▶ **Work instructions**
Write the following entries out again exactly, skipping each image.

[[ Material for the task open ]]

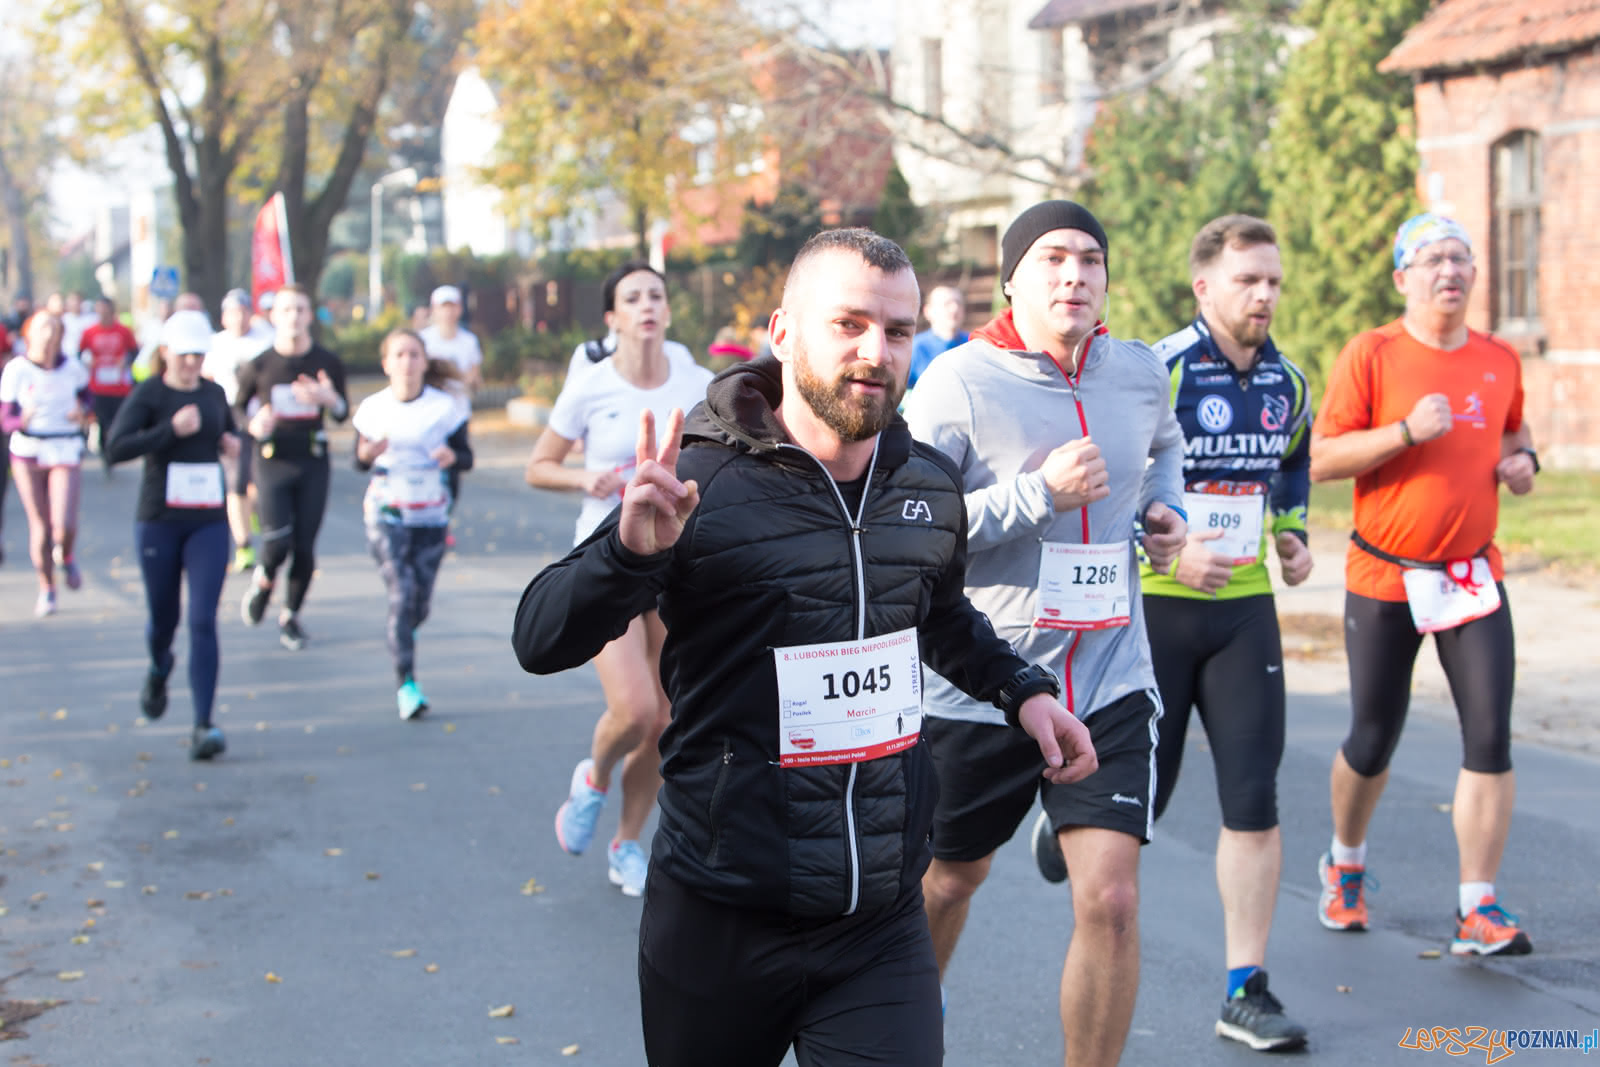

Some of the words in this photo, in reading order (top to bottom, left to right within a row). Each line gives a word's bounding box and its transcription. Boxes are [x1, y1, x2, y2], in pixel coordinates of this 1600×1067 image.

[1208, 512, 1241, 529] 809
[1072, 564, 1117, 585] 1286
[784, 652, 792, 661] 8.
[794, 647, 839, 660] LUBOŃSKI
[841, 646, 860, 656] BIEG
[862, 634, 912, 654] NIEPODLEGŁOŚCI
[822, 664, 892, 700] 1045
[847, 706, 876, 719] Marcin
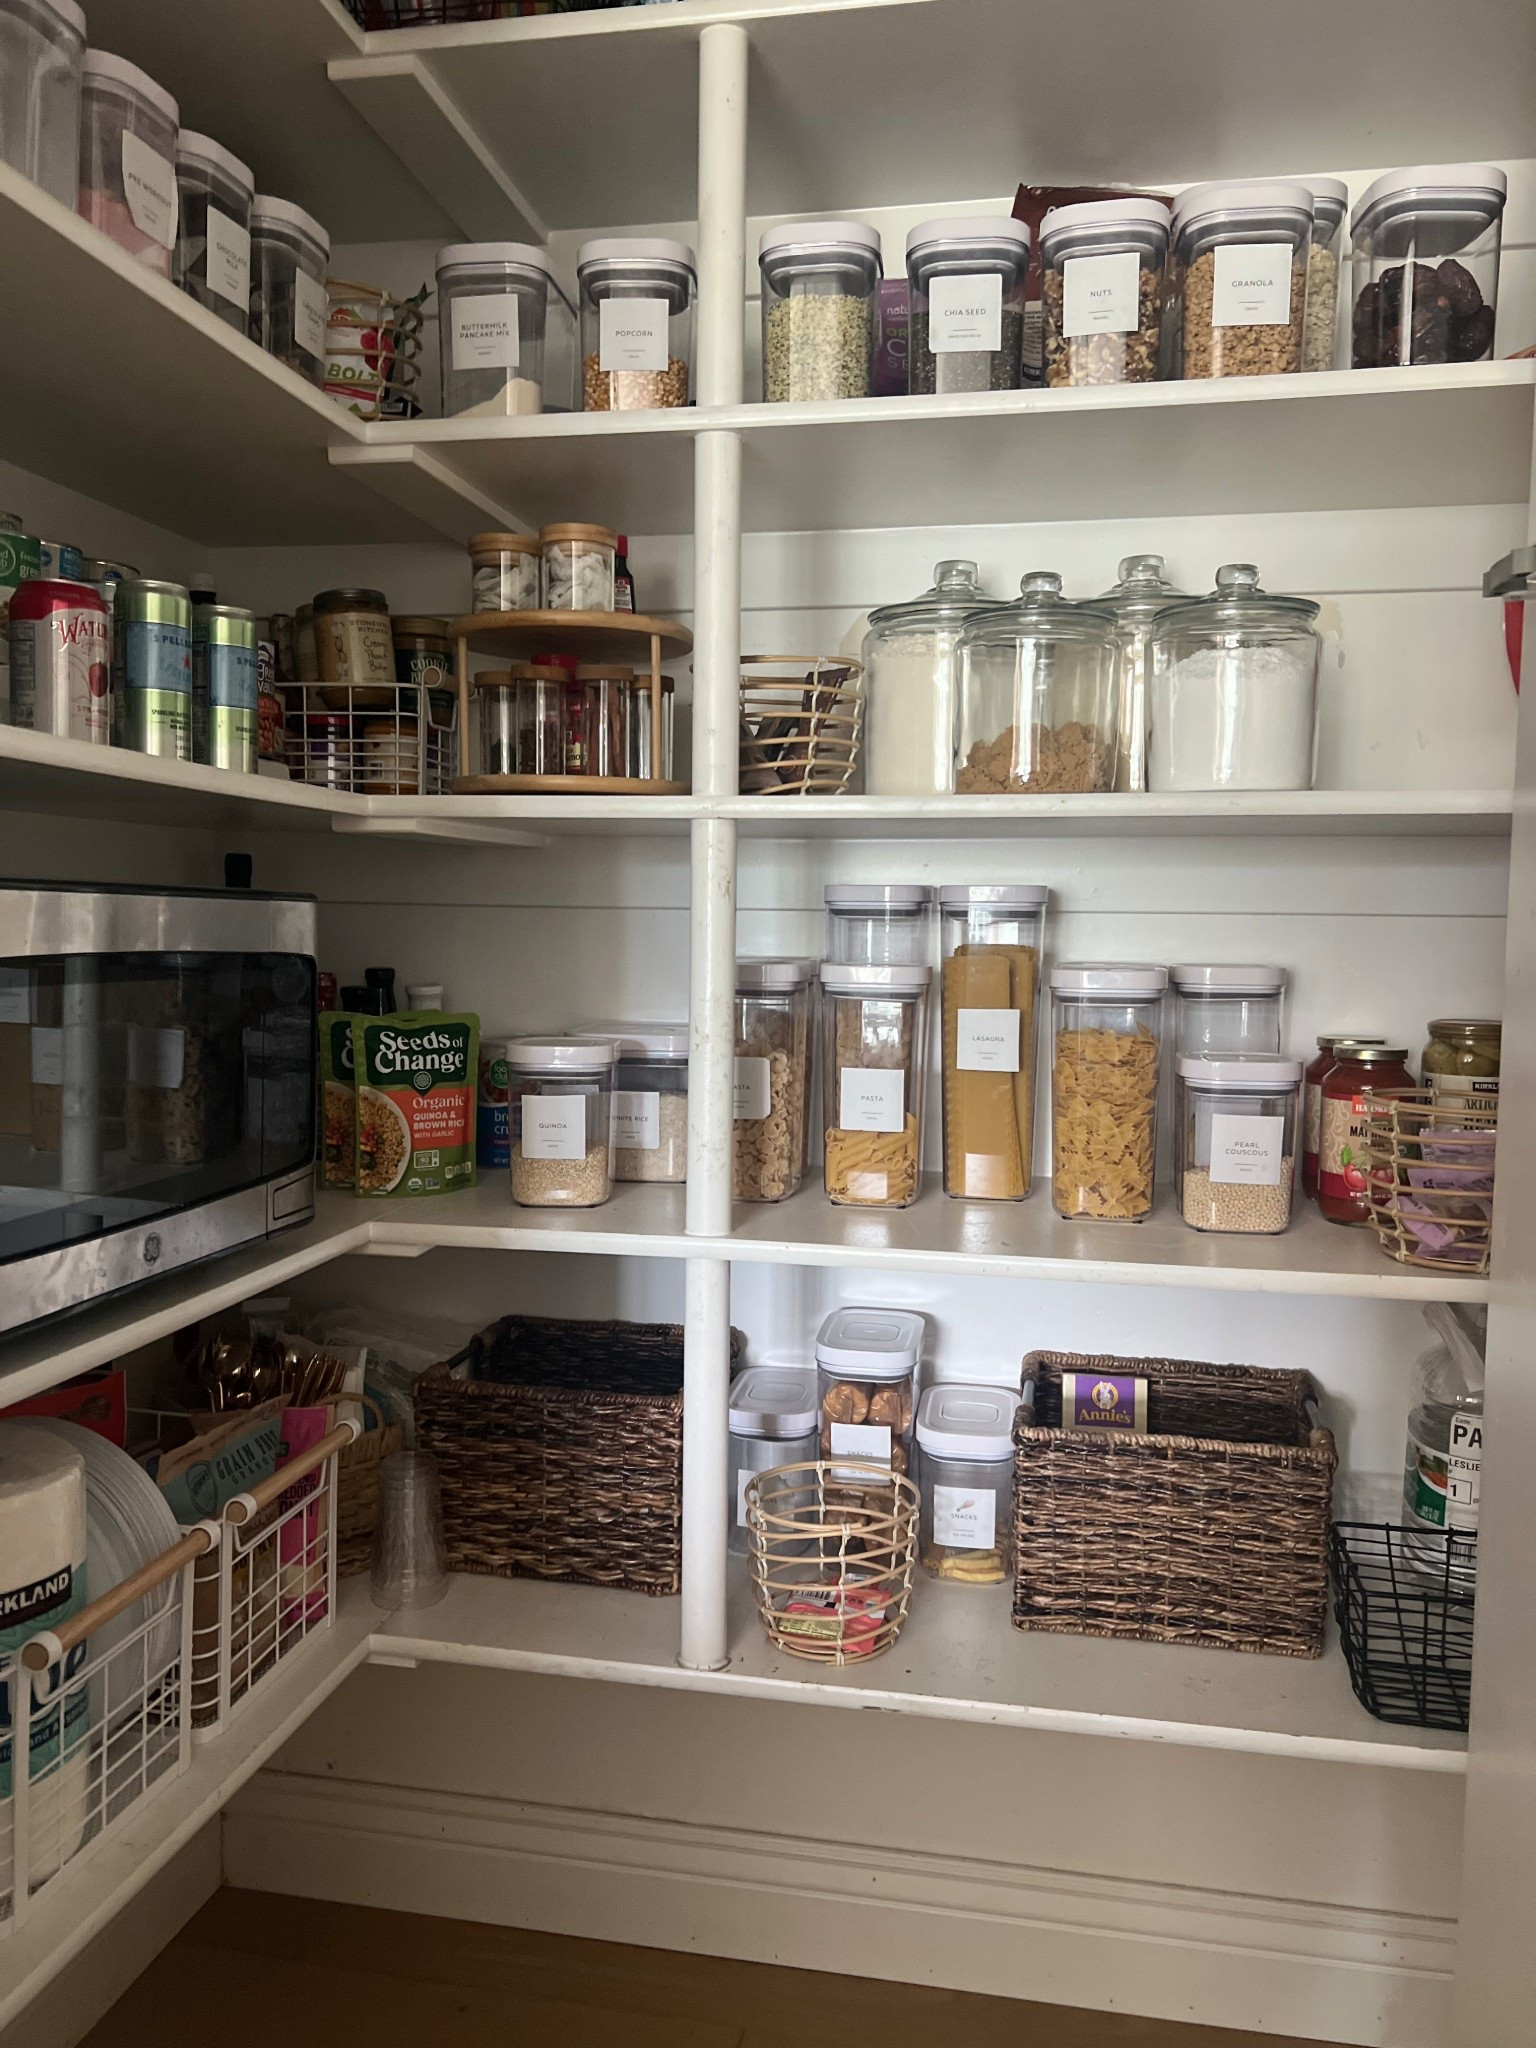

[[ Material for the task closed ]]

▶ **Written answer**
Some of the words in this photo, in reading order (top to bottom, left to right within a row). Each line gives a word's bounding box and its transcription. Boxes are [x1, y1, x2, y2], in pixel coordinates of this 1600×1067 image.

[1208, 512, 1241, 529] 809
[1072, 564, 1117, 585] 1286
[784, 652, 792, 661] 8.
[794, 647, 839, 660] LUBOŃSKI
[841, 646, 860, 656] BIEG
[862, 634, 912, 654] NIEPODLEGŁOŚCI
[822, 664, 892, 700] 1045
[847, 706, 876, 719] Marcin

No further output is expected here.